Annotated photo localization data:
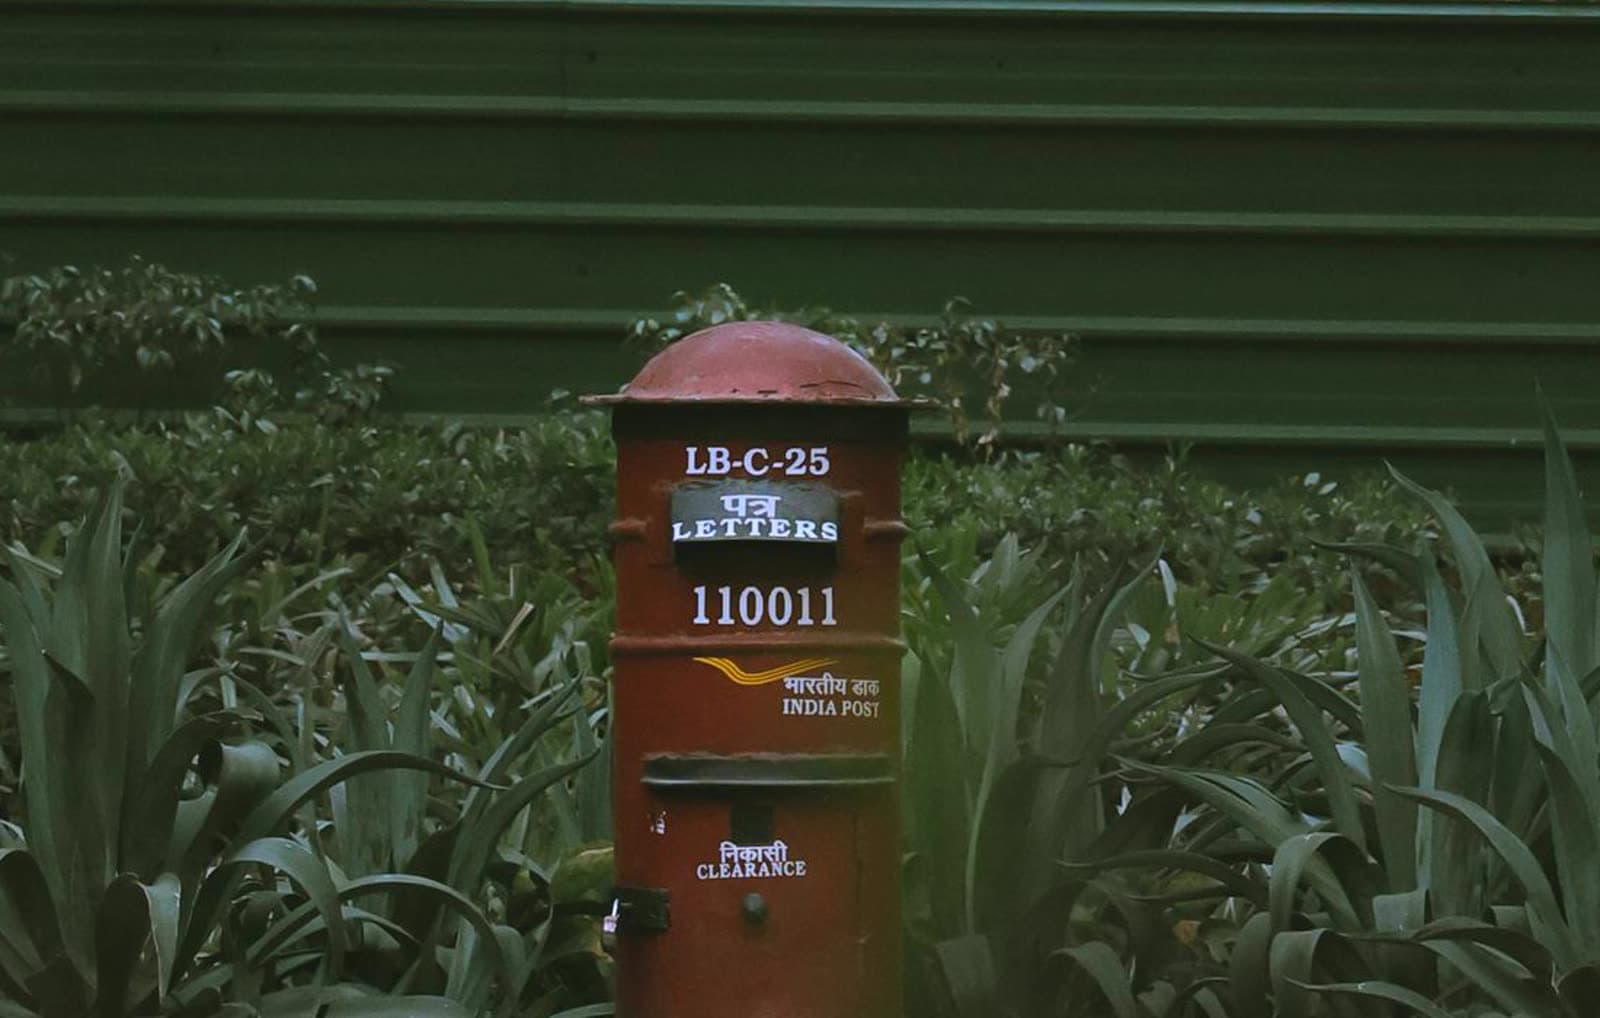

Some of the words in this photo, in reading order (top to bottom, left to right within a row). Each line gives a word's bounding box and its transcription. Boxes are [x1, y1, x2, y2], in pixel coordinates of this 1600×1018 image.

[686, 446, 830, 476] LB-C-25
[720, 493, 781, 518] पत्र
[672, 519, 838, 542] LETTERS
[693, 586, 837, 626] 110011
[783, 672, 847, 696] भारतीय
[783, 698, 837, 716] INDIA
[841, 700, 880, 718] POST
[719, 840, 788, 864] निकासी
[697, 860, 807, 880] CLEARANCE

Work required: Your copy should be the entries retyped exactly, with no images in it.

Result of this task:
Some of the words in this photo, in reading order (top to bottom, left to right within a row). Each line gives a word's bounding box and its transcription. Boxes are [x1, y1, x2, y2], in pixel coordinates of this 1600×1018 image.

[686, 446, 830, 476] LB-C-25
[720, 493, 781, 518] पत्र
[672, 519, 838, 542] LETTERS
[693, 586, 837, 626] 110011
[783, 672, 847, 696] भारतीय
[783, 698, 837, 716] INDIA
[841, 700, 880, 718] POST
[719, 840, 788, 864] निकासी
[697, 860, 807, 880] CLEARANCE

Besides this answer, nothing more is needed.